In an implementation, the gravity center of the pattern formed by the red filter unit, the gravity center of the pattern formed by the green filter unit, and the gravity center of the pattern formed by the blue filter unit are located in a center region of a pattern jointly formed by the red filter unit, the green filter unit, and the blue filter unit.

In an implementation, the light filter unit array includes a sub-array composed of the red filter unit, the green filter unit, and the blue filter unit, and the center region of the pattern jointly formed by the red filter unit, the green filter unit, and the blue filter unit is a center region of the sub-array.

In an implementation, the number of the blue filter units is twice or more than twice as much as the number of the red filter units.

In an implementation, the number of the green filter units is located between the number of the blue filter units and the number of the red filter units.

In an implementation, the light filter unit array further includes a wide band light filter unit configured to allow for transmittance of a visible light signal and an infrared light signal.

In an implementation, the wide band light filter unit is not adjacent to the red filter unit, the wide band light filter unit is not adjacent to the green filter unit, and the wide band light filter unit is not adjacent to the blue filter unit; or

• • a spacing between the wide band light filter unit and the red filter unit, a spacing between the wide band light filter unit and the green filter unit, and a spacing between the wide band light filter unit and the blue filter unit are each larger than or equal to a preset value, which is, e.g., 80 μm.

In an implementation, the light filter unit array further includes a light shielding unit configured to block or adsorb a light signal.

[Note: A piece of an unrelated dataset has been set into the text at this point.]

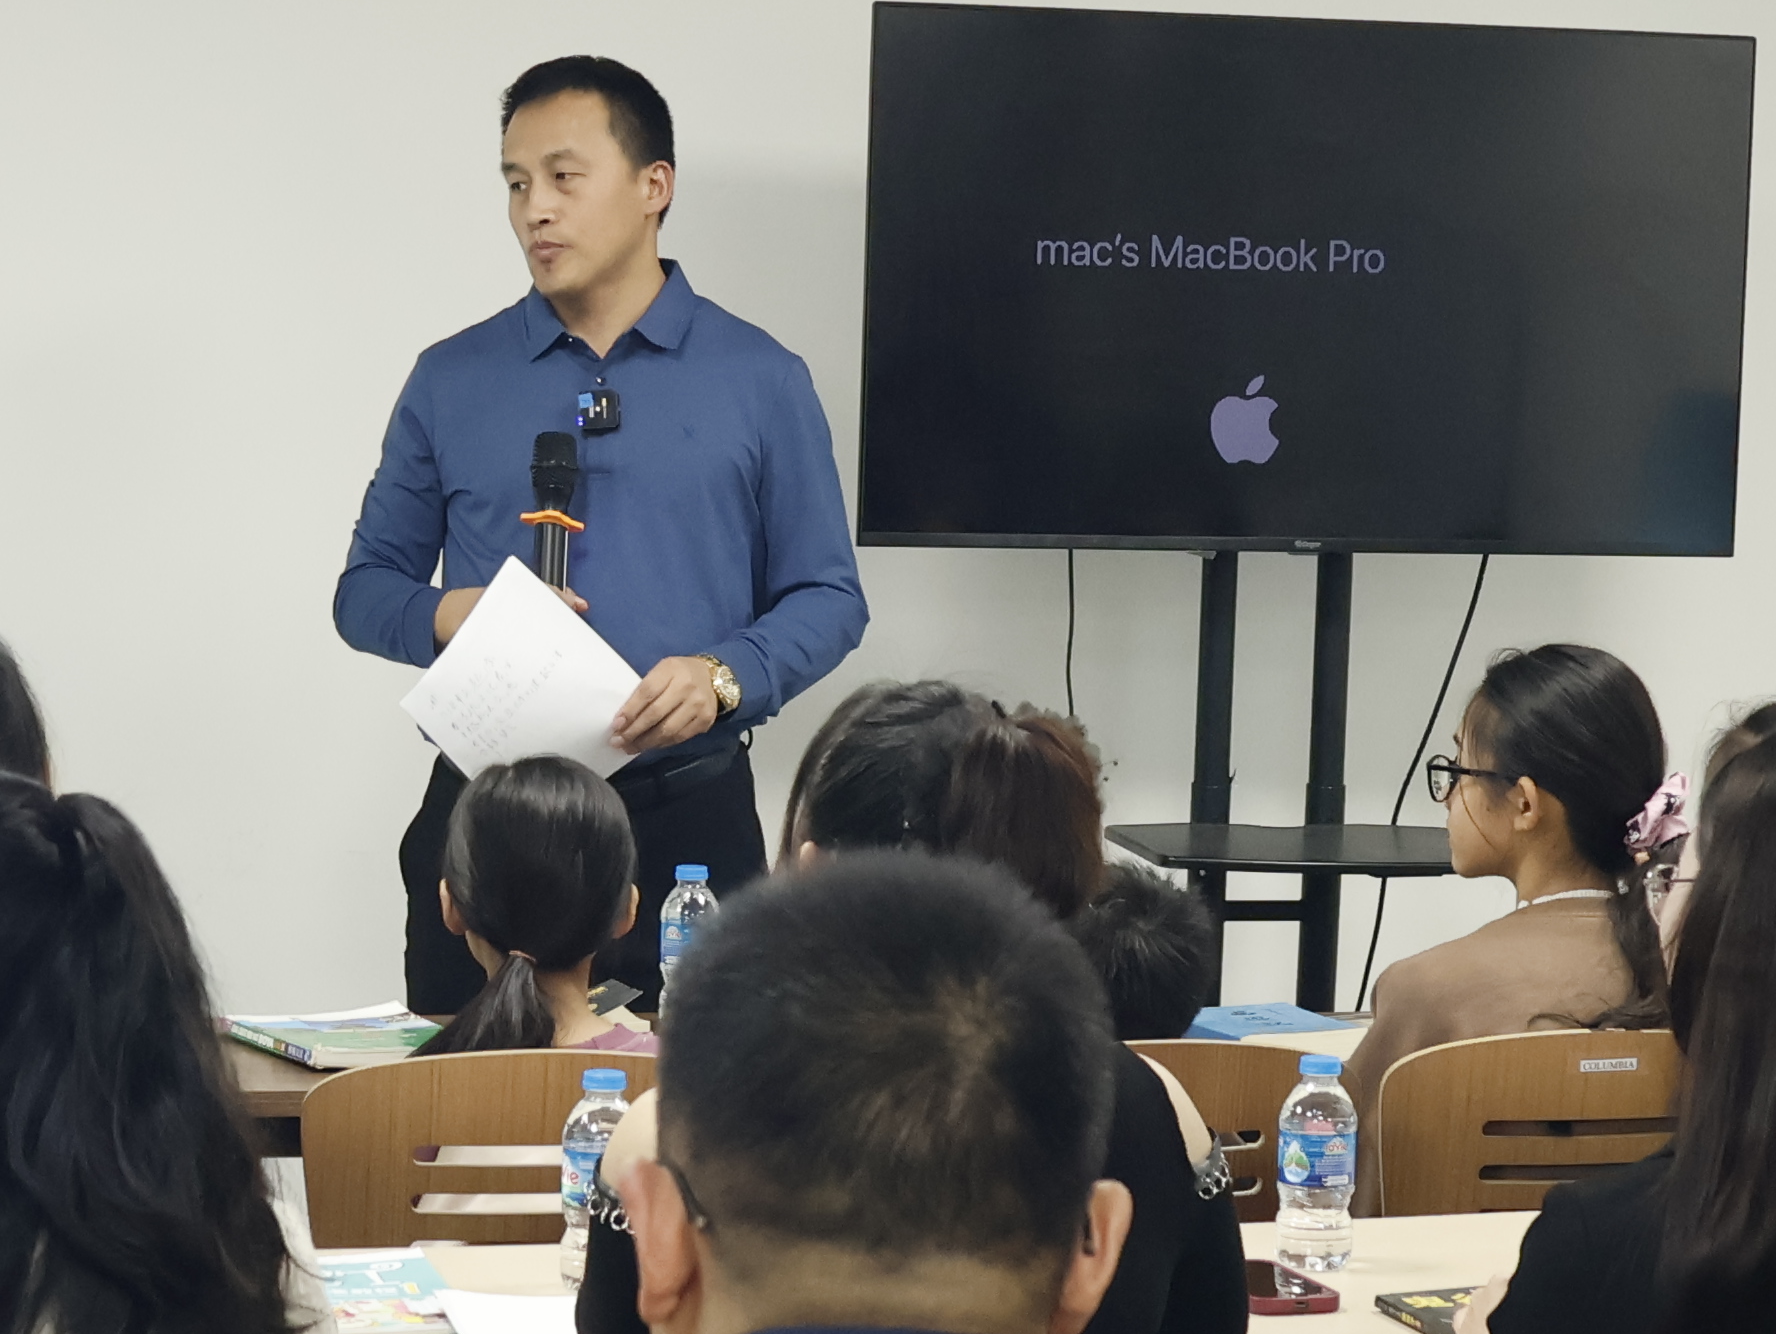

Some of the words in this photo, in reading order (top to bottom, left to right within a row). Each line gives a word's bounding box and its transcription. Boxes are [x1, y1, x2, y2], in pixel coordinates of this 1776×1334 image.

In an implementation, the light shielding unit is not adjacent to the wide band light filter unit, and the light shielding unit is not adjacent to the red filter unit; or, a spacing between the light shielding unit the wide band light filter unit, and a spacing between the light shielding unit and the red filter unit are each larger than or equal to a preset value, which is, e.g., 80 μm.

In an implementation, a size of the red filter unit, a size of the green filter unit, and a size of the blue filter unit are larger than or equal to 160 μm; and a spacing between two adjacent light filter units among the red filter unit, the green filter unit, and the blue filter unit is larger than or equal to 40 μm.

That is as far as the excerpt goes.